# [ABOUT THIS EXERCISE]
Without the pictures, repeat all of the data exactly as it appears below.

# [DATASET EXCERPTS]

»»

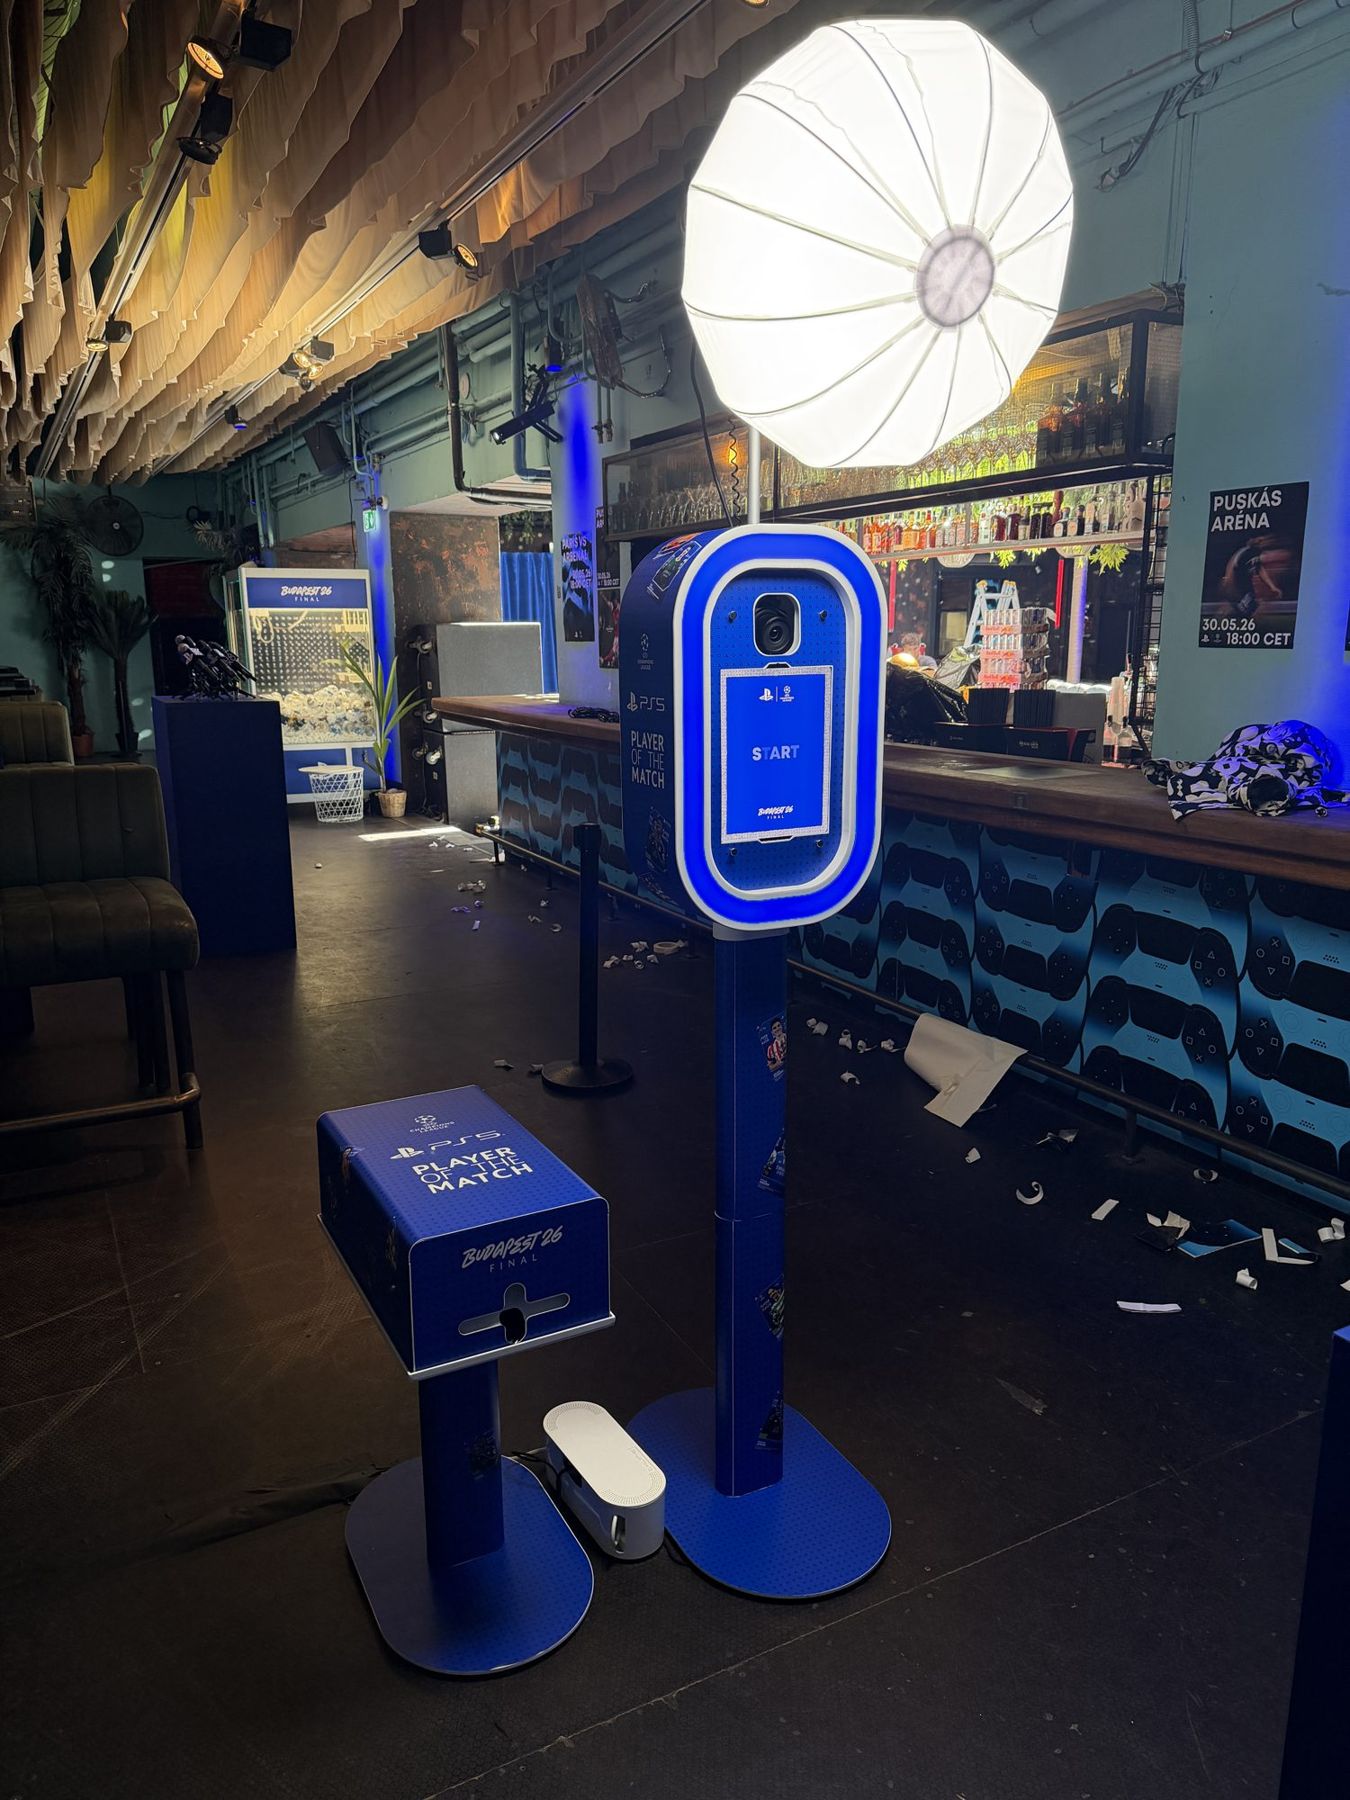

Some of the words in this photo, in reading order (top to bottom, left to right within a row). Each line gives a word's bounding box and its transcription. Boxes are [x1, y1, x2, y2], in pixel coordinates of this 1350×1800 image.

[1213, 487, 1282, 512] PUSKÁS
[1211, 510, 1270, 532] ARÉNA
[280, 585, 320, 596] BUDAPEST
[1202, 618, 1255, 631] 30.05.26
[1226, 632, 1260, 645] 18:00
[1263, 632, 1291, 645] CET
[639, 695, 665, 712] PS5
[631, 730, 665, 752] PLAYER
[631, 748, 642, 765] OF
[649, 751, 665, 771] THE
[752, 745, 799, 761] START
[631, 767, 665, 789] MATCH
[428, 1130, 501, 1151] PS5
[412, 1146, 518, 1176] PLAYER
[420, 1168, 453, 1184] OF
[470, 1156, 526, 1172] THE
[427, 1163, 534, 1194] MATCH
[461, 1230, 543, 1269] BUDAPEST
[540, 1225, 564, 1247] 26
[489, 1254, 537, 1273] FINAL
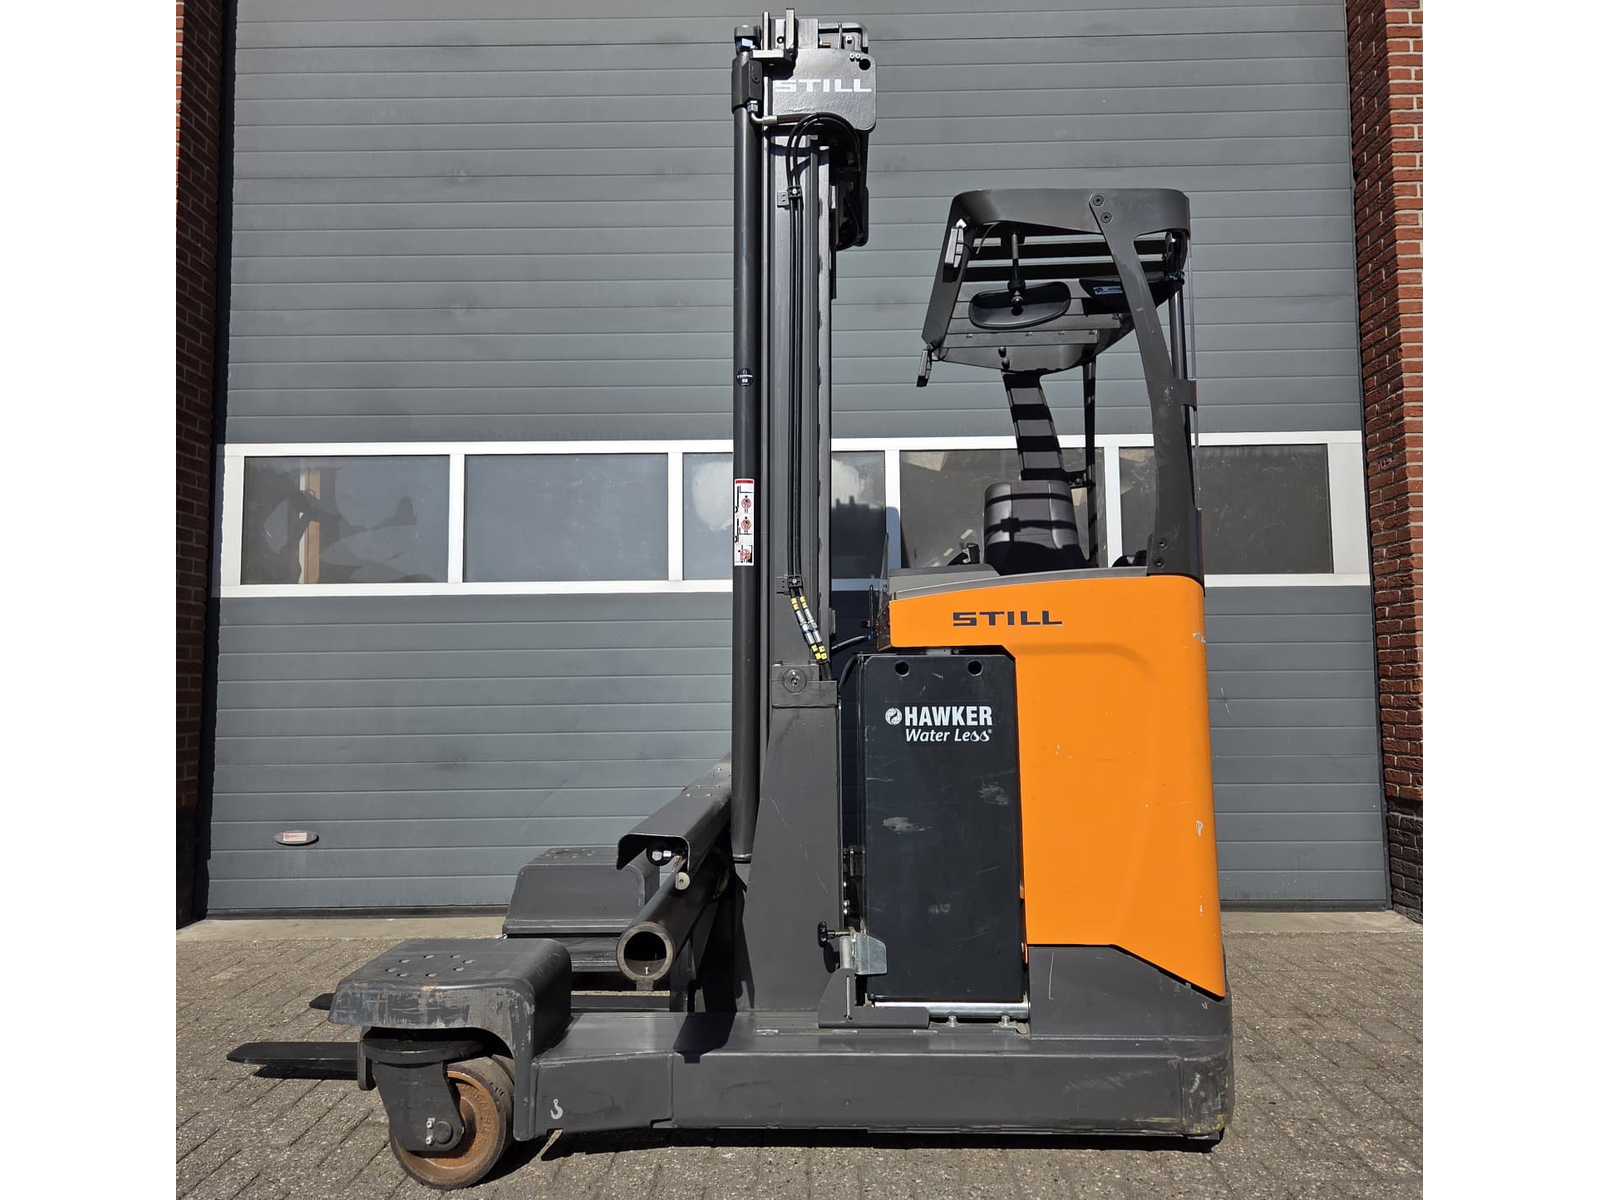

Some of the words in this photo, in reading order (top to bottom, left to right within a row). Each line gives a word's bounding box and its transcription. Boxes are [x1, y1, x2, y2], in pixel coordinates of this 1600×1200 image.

[773, 79, 872, 93] STILL
[953, 611, 1062, 626] STILL
[904, 706, 993, 726] HAWKER
[905, 728, 950, 742] Water
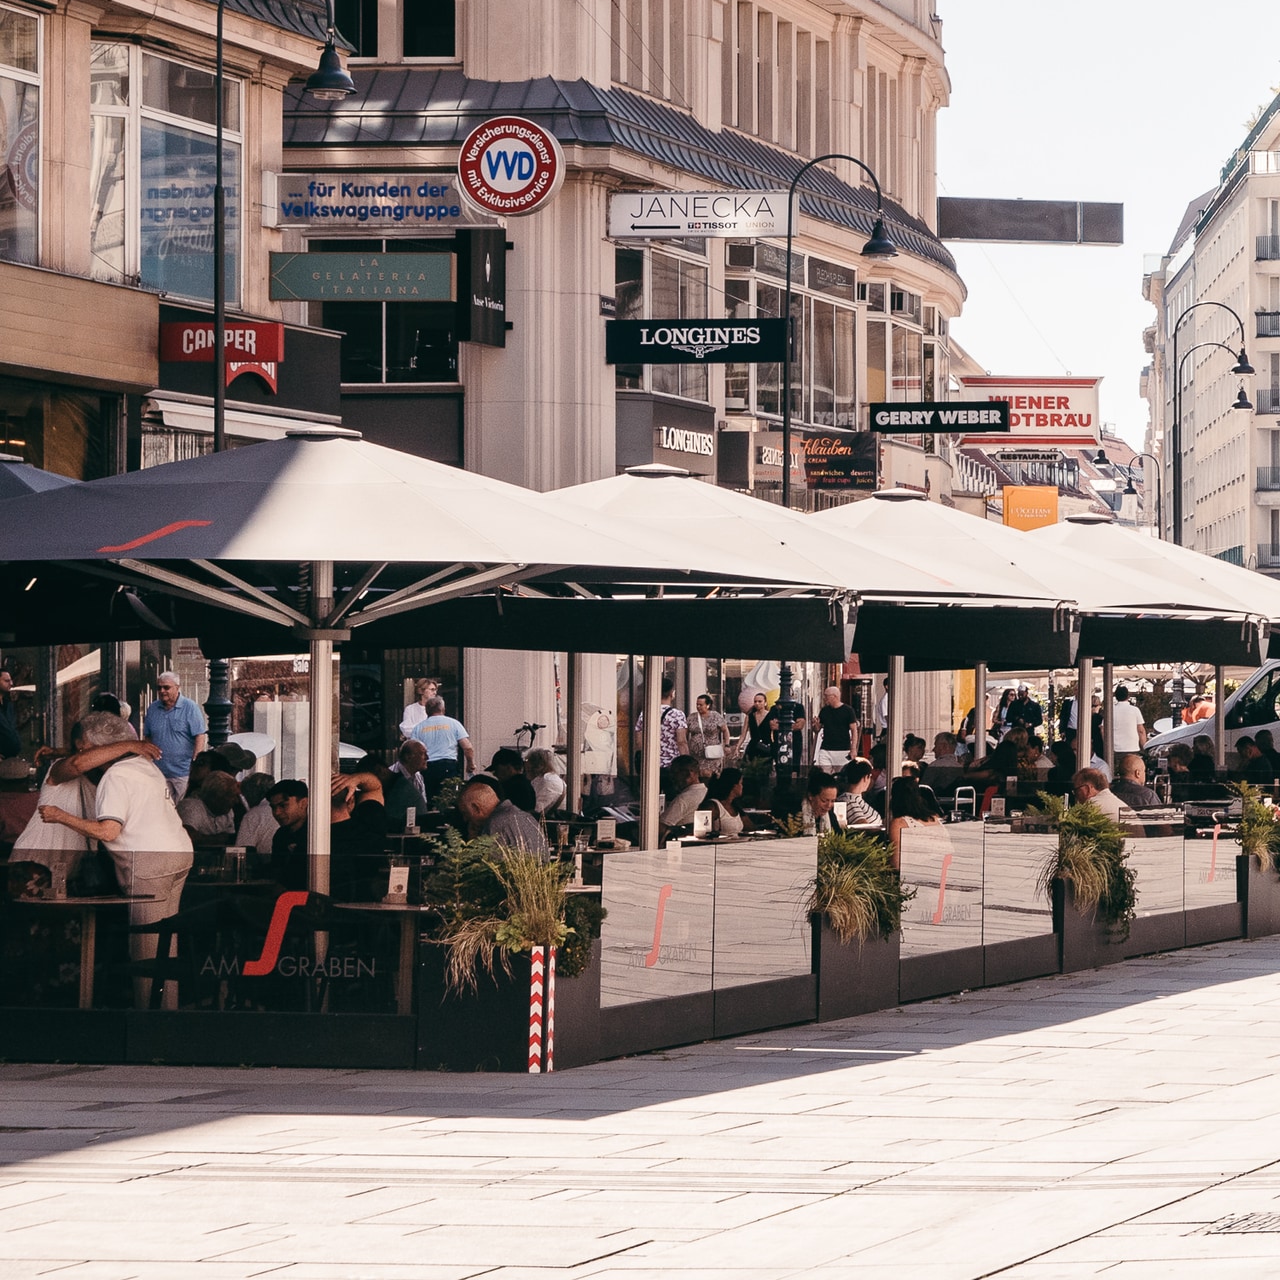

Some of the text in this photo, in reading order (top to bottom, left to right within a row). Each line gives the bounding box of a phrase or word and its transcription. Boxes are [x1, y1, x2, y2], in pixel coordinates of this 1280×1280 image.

««

# [TASK OUTPUT]
Some of the words in this photo, in reading order (top to bottom, left to right within a row). Each line gives a word's bounding box and its transcription. Boxes are [x1, y1, x2, y2], in pixel coordinates of this 1350×1800 image.

[1213, 487, 1282, 512] PUSKÁS
[1211, 510, 1270, 532] ARÉNA
[280, 585, 320, 596] BUDAPEST
[1202, 618, 1255, 631] 30.05.26
[1226, 632, 1260, 645] 18:00
[1263, 632, 1291, 645] CET
[639, 695, 665, 712] PS5
[631, 730, 665, 752] PLAYER
[631, 748, 642, 765] OF
[649, 751, 665, 771] THE
[752, 745, 799, 761] START
[631, 767, 665, 789] MATCH
[428, 1130, 501, 1151] PS5
[412, 1146, 518, 1176] PLAYER
[420, 1168, 453, 1184] OF
[470, 1156, 526, 1172] THE
[427, 1163, 534, 1194] MATCH
[461, 1230, 543, 1269] BUDAPEST
[540, 1225, 564, 1247] 26
[489, 1254, 537, 1273] FINAL

Some of the words in this photo, in reading order (top to bottom, left to right within a row). Each line gives a word's bounding box and its transcription. Boxes are [x1, y1, x2, y2], in pixel coordinates of this 1600×1200 image.

[773, 79, 872, 93] STILL
[953, 611, 1062, 626] STILL
[904, 706, 993, 726] HAWKER
[905, 728, 950, 742] Water

Some of the text in this photo, in reading order (top to bottom, left to right within a row). Each line gives the bounding box of a phrase or word and its transcription. Boxes are [x1, y1, x2, y2], in pixel coordinates of this 1280×1280 image.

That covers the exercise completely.